§ **EXERCISE**: Repeat the listing below in full and exactly. Pictures are to be omitted.

START INPUT DATA

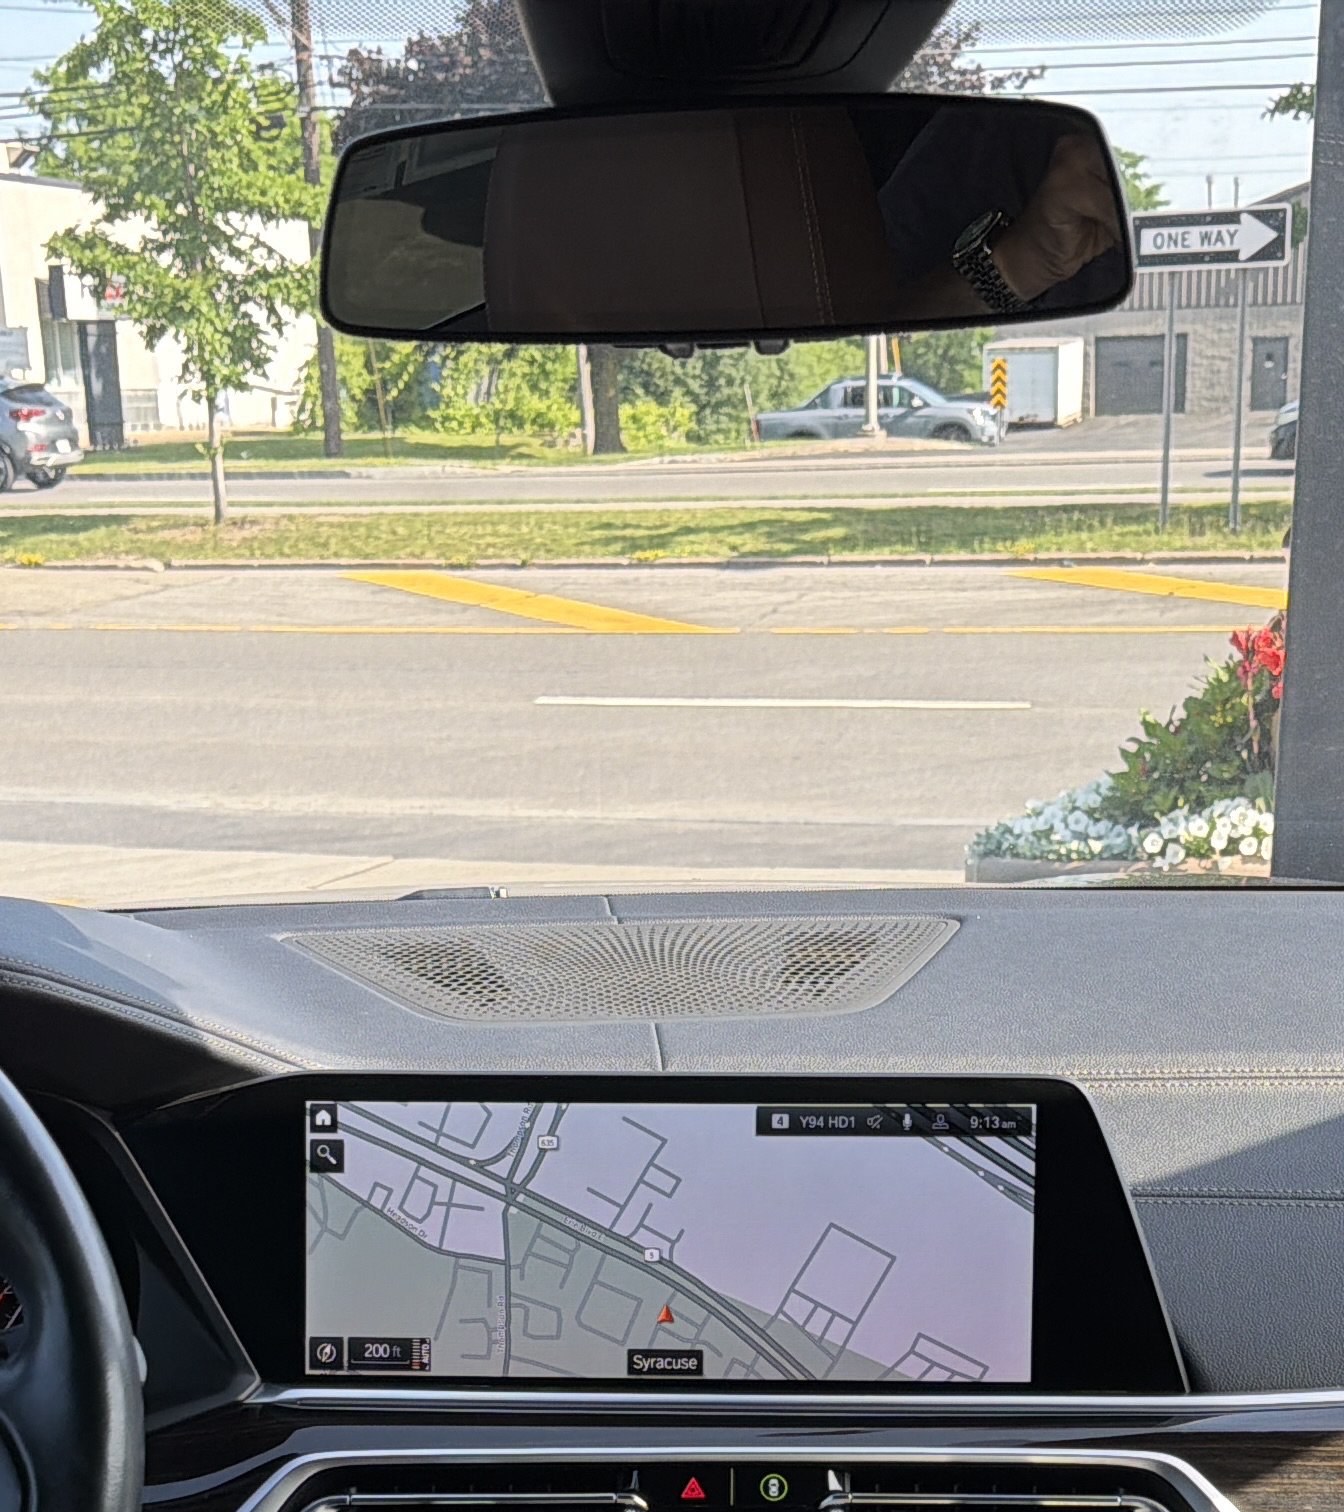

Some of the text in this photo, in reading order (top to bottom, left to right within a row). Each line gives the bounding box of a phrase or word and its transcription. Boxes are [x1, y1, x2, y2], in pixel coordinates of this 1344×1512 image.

[1152, 228, 1239, 250] ONE WAY
[800, 1115, 855, 1128] Y94 HD1
[364, 1343, 401, 1358] 200 ft
[632, 1354, 698, 1372] Syracuse
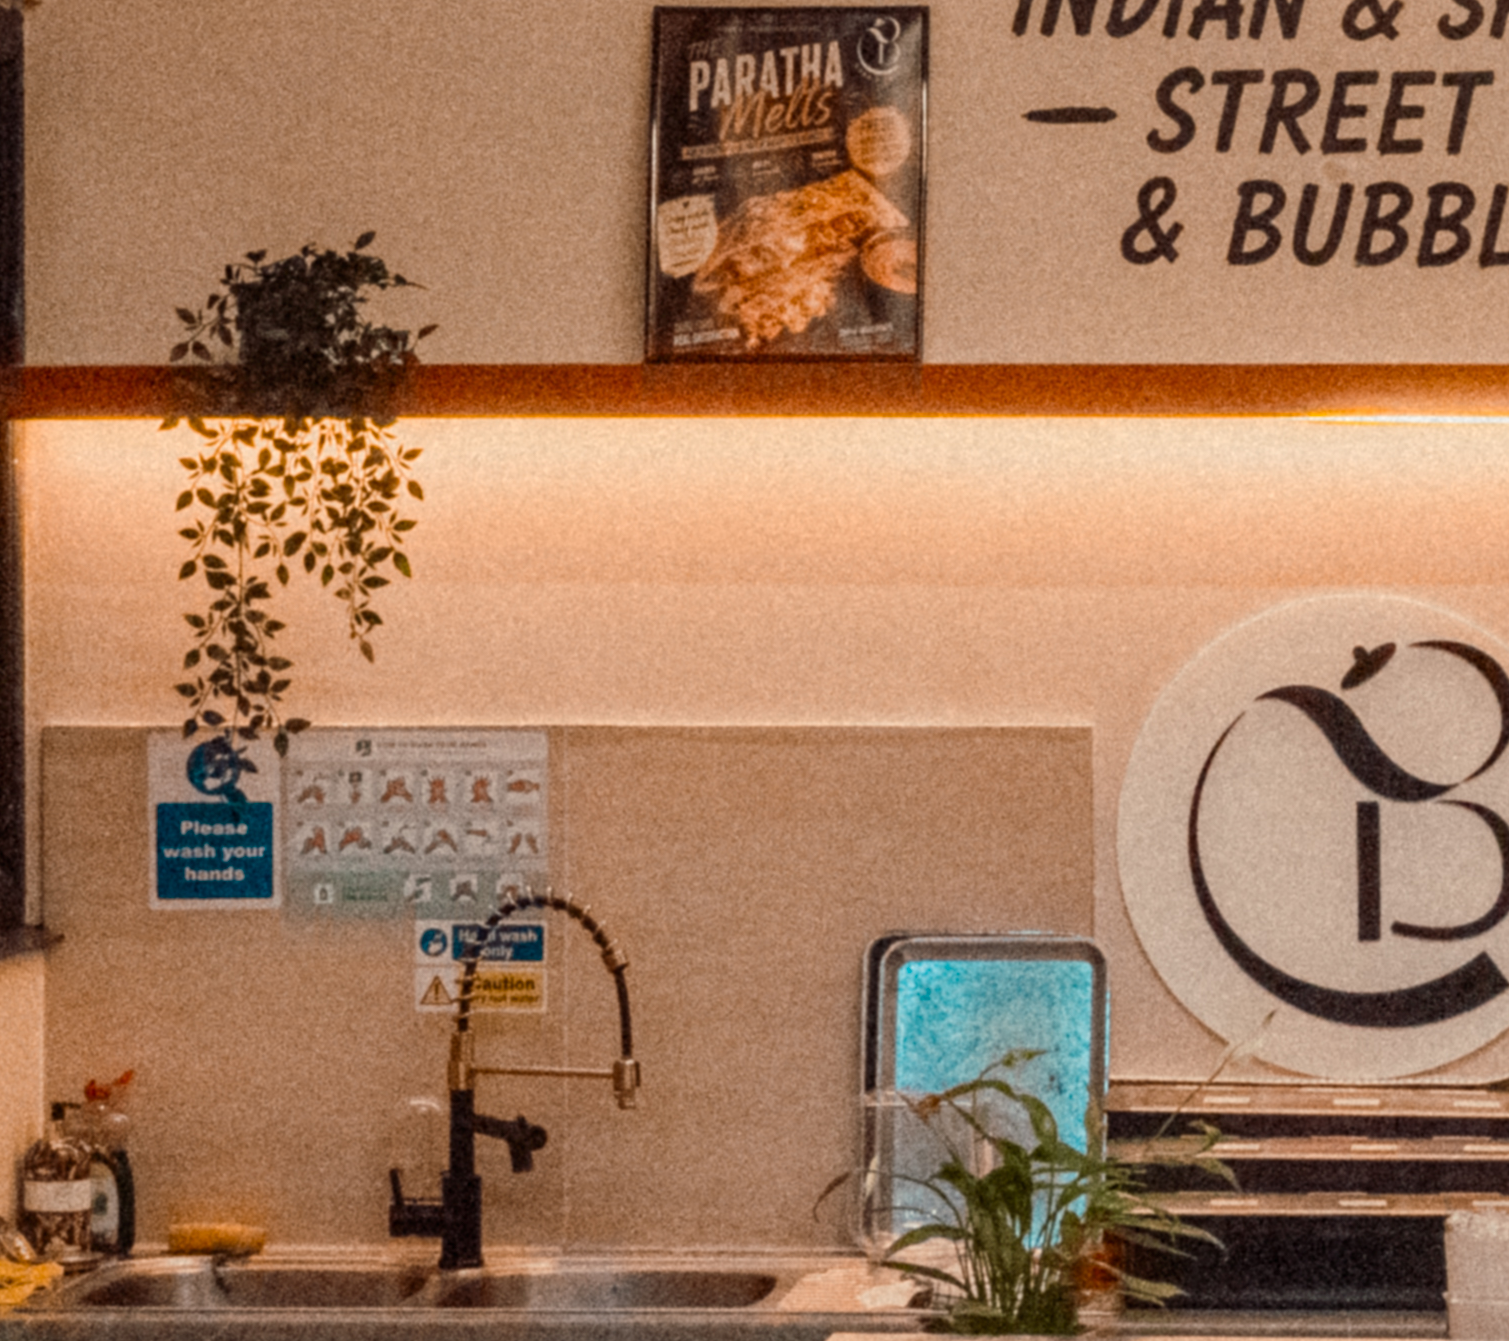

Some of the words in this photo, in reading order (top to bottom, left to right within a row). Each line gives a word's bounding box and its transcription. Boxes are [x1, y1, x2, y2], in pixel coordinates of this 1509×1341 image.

[689, 41, 843, 111] PARATHA
[720, 78, 834, 141] Melts
[1147, 68, 1493, 156] STREET
[1121, 177, 1183, 265] &
[180, 820, 248, 835] Please
[163, 843, 216, 858] wash
[222, 846, 266, 862] your
[184, 866, 245, 881] hands
[459, 928, 496, 943] Had
[500, 929, 538, 943] wash
[484, 945, 515, 961] only
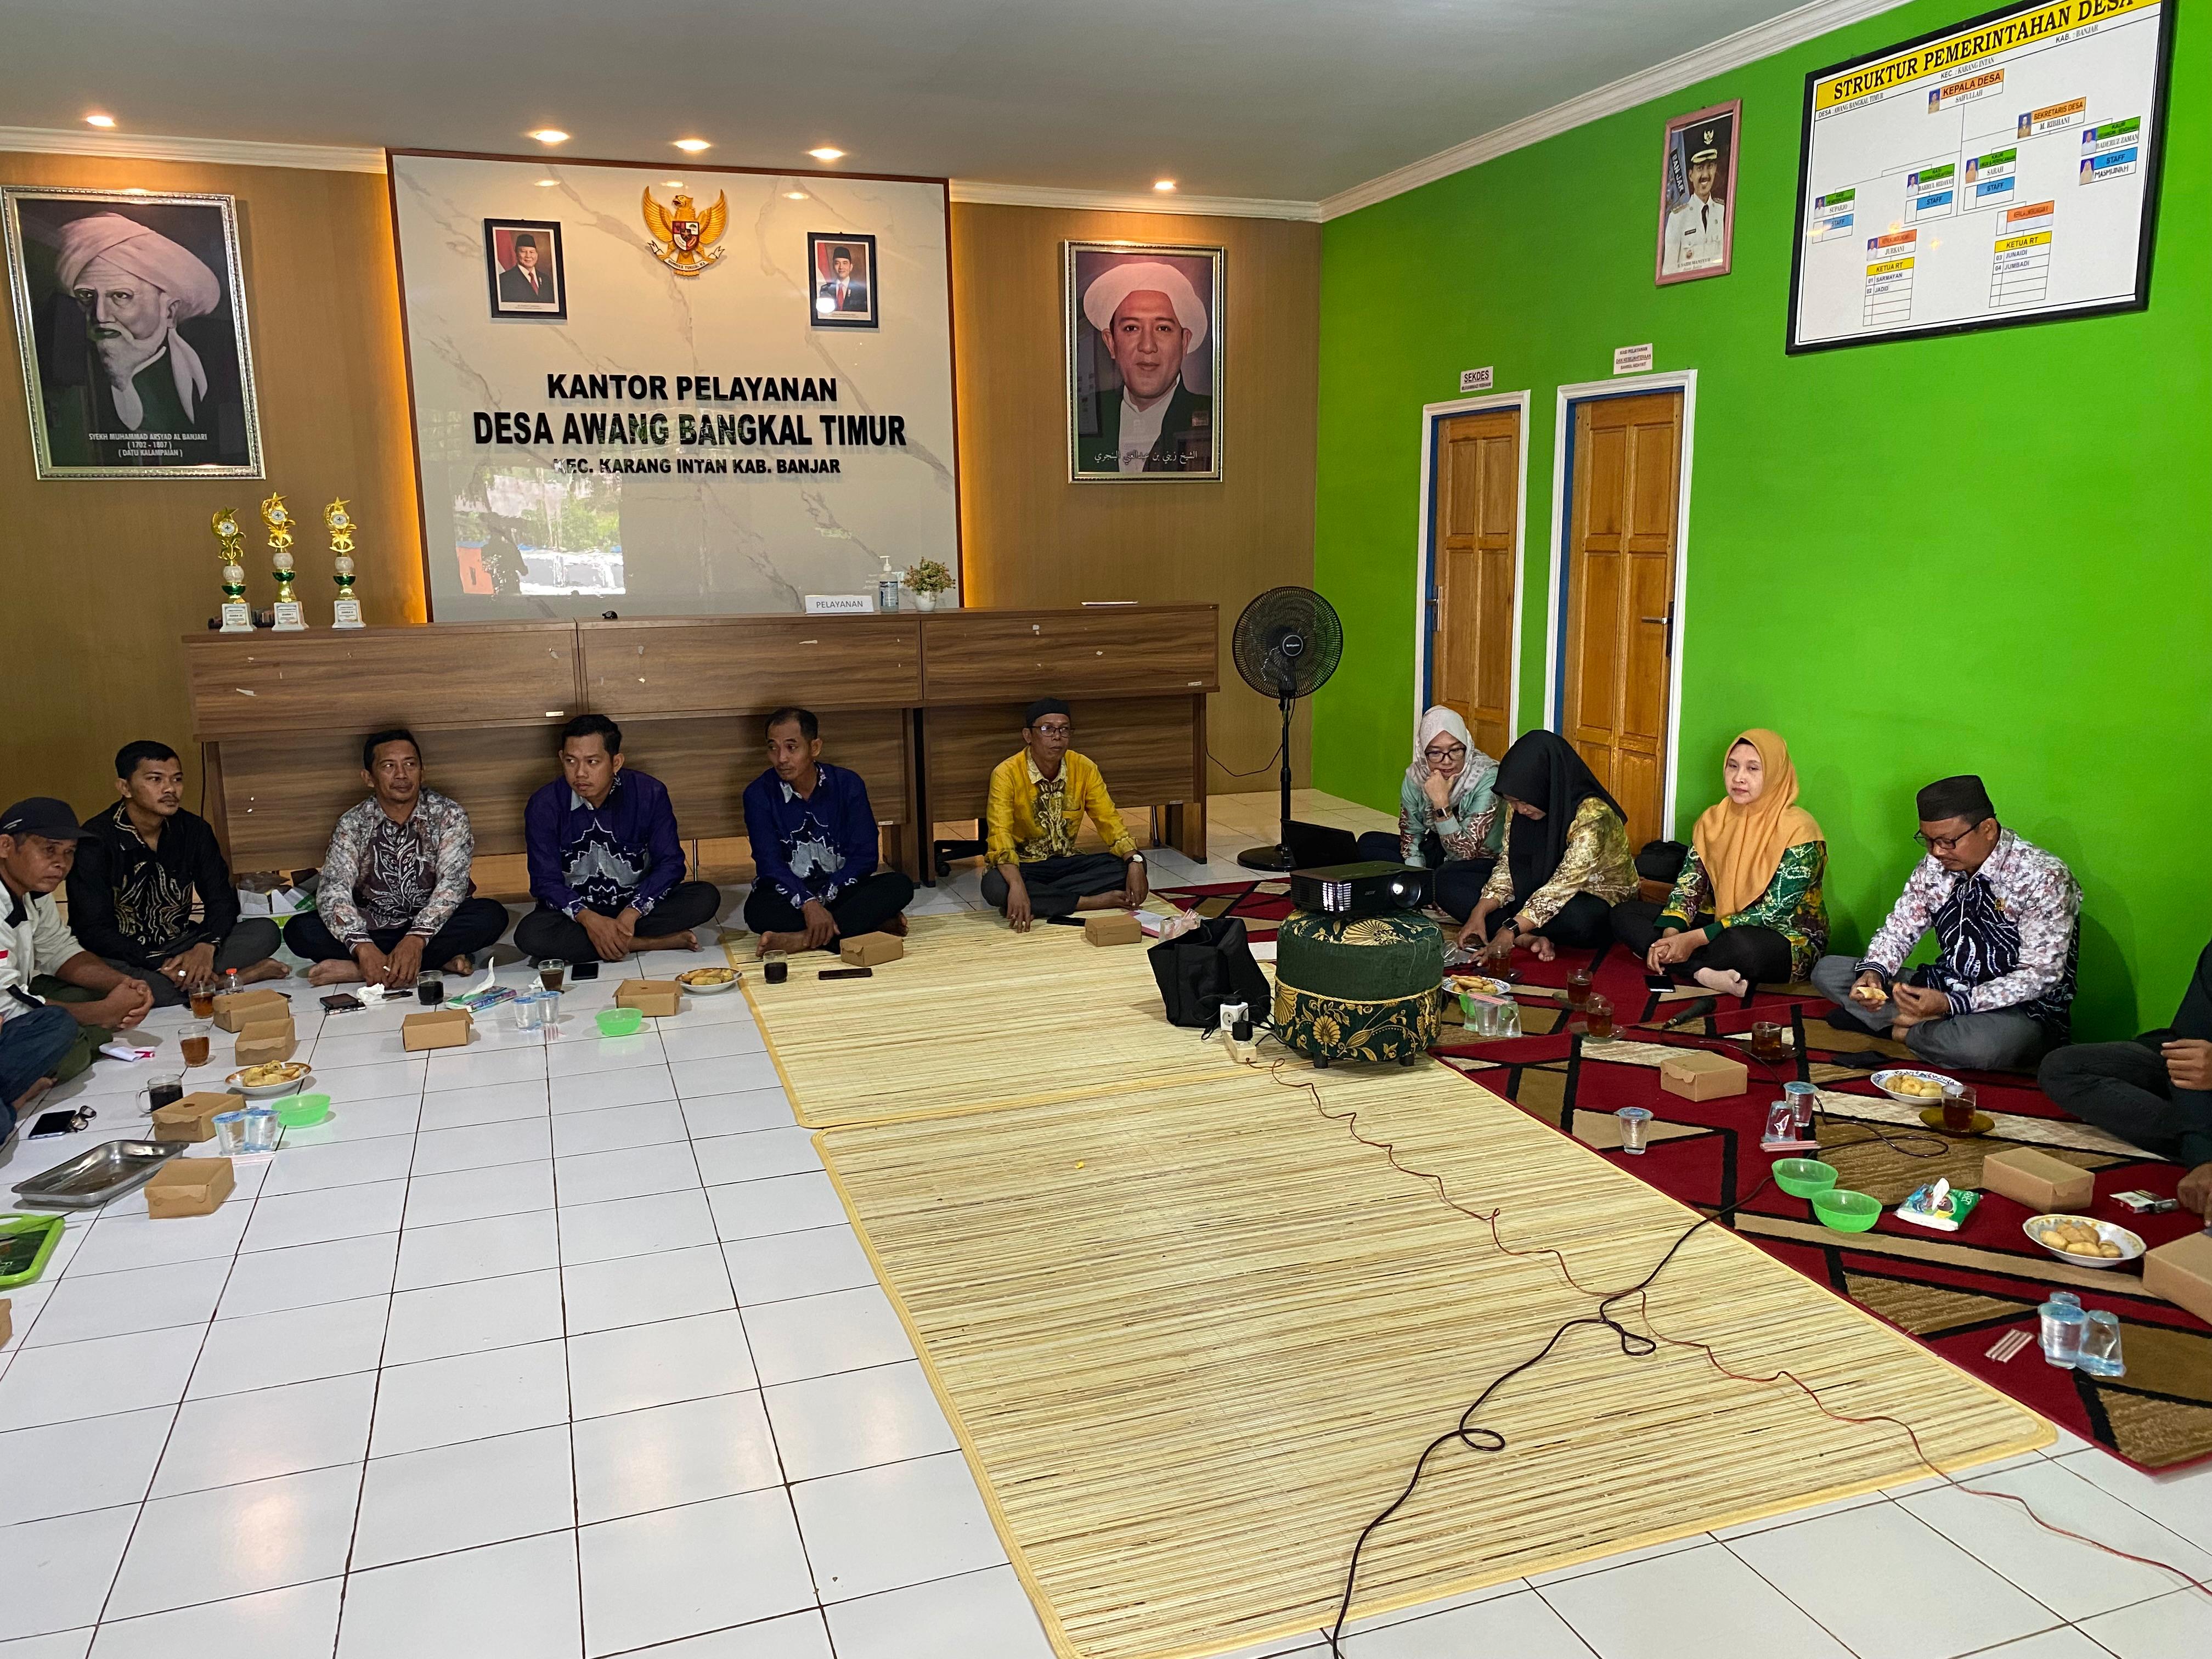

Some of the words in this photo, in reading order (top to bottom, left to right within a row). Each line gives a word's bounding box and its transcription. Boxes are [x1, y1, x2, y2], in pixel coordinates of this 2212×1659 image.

[2076, 24, 2098, 37] BANJAR
[1834, 57, 1918, 100] STRUKTUR
[1923, 5, 2072, 71] PEMERINTAHAN
[1957, 61, 1978, 75] KARANG
[1979, 57, 1994, 67] INTAN
[1943, 80, 1976, 97] KEPALA
[1977, 72, 2001, 87] DESA
[1955, 89, 1983, 103] SAIFULLAH
[1818, 109, 1832, 119] DESA
[1849, 97, 1869, 109] BANGKAL
[2033, 105, 2067, 120] SEKRETARIS
[2068, 101, 2083, 111] DESA
[2106, 153, 2125, 164] STAFF
[1672, 154, 1684, 192] BANJAR
[1987, 182, 2005, 191] STAFF
[1926, 196, 1943, 205] STAFF
[2006, 239, 2028, 249] KETUA
[2029, 236, 2039, 245] RT
[2005, 249, 2028, 259] JUNAIDI
[1876, 263, 1894, 273] KETUA
[2004, 260, 2030, 270] JUMBADI
[1876, 272, 1903, 283] SARMAYAN
[1464, 370, 1489, 383] SEKDES
[548, 374, 669, 400] KANTOR
[676, 376, 837, 402] PELAYANAN
[473, 411, 554, 444] DESA
[562, 413, 669, 445] AWANG
[679, 414, 812, 445] BANGKAL
[819, 415, 906, 446] TIMUR
[1179, 450, 1198, 465] الشيخ
[554, 458, 594, 473] KEC.
[599, 458, 671, 473] KARANG
[676, 459, 727, 473] INTAN
[733, 459, 771, 473] KAB.
[777, 459, 840, 473] BANJAR
[816, 600, 864, 608] PELAYANAN

END INPUT DATA

§ **RESULT FOR THIS TASK**:
Some of the text in this photo, in reading order (top to bottom, left to right within a row). Each line gives the bounding box of a phrase or word and its transcription. Boxes are [x1, y1, x2, y2], in pixel coordinates of this 1344×1512 image.

[1152, 228, 1239, 250] ONE WAY
[800, 1115, 855, 1128] Y94 HD1
[364, 1343, 401, 1358] 200 ft
[632, 1354, 698, 1372] Syracuse

Some of the words in this photo, in reading order (top to bottom, left to right within a row). Each line gives a word's bounding box and its transcription. Boxes are [x1, y1, x2, y2], in pixel coordinates of this 1509×1341 image.

[689, 41, 843, 111] PARATHA
[720, 78, 834, 141] Melts
[1147, 68, 1493, 156] STREET
[1121, 177, 1183, 265] &
[180, 820, 248, 835] Please
[163, 843, 216, 858] wash
[222, 846, 266, 862] your
[184, 866, 245, 881] hands
[459, 928, 496, 943] Had
[500, 929, 538, 943] wash
[484, 945, 515, 961] only

Some of the words in this photo, in reading order (top to bottom, left to right within a row). Each line gives a word's bounding box and its transcription. Boxes are [x1, y1, x2, y2], in pixel coordinates of this 2212×1659 image.

[2076, 24, 2098, 37] BANJAR
[1834, 57, 1918, 100] STRUKTUR
[1923, 5, 2072, 71] PEMERINTAHAN
[1957, 61, 1978, 75] KARANG
[1979, 57, 1994, 67] INTAN
[1943, 80, 1976, 97] KEPALA
[1977, 72, 2001, 87] DESA
[1955, 89, 1983, 103] SAIFULLAH
[1818, 109, 1832, 119] DESA
[1849, 97, 1869, 109] BANGKAL
[2033, 105, 2067, 120] SEKRETARIS
[2068, 101, 2083, 111] DESA
[2106, 153, 2125, 164] STAFF
[1672, 154, 1684, 192] BANJAR
[1987, 182, 2005, 191] STAFF
[1926, 196, 1943, 205] STAFF
[2006, 239, 2028, 249] KETUA
[2029, 236, 2039, 245] RT
[2005, 249, 2028, 259] JUNAIDI
[1876, 263, 1894, 273] KETUA
[2004, 260, 2030, 270] JUMBADI
[1876, 272, 1903, 283] SARMAYAN
[1464, 370, 1489, 383] SEKDES
[548, 374, 669, 400] KANTOR
[676, 376, 837, 402] PELAYANAN
[473, 411, 554, 444] DESA
[562, 413, 669, 445] AWANG
[679, 414, 812, 445] BANGKAL
[819, 415, 906, 446] TIMUR
[1179, 450, 1198, 465] الشيخ
[554, 458, 594, 473] KEC.
[599, 458, 671, 473] KARANG
[676, 459, 727, 473] INTAN
[733, 459, 771, 473] KAB.
[777, 459, 840, 473] BANJAR
[816, 600, 864, 608] PELAYANAN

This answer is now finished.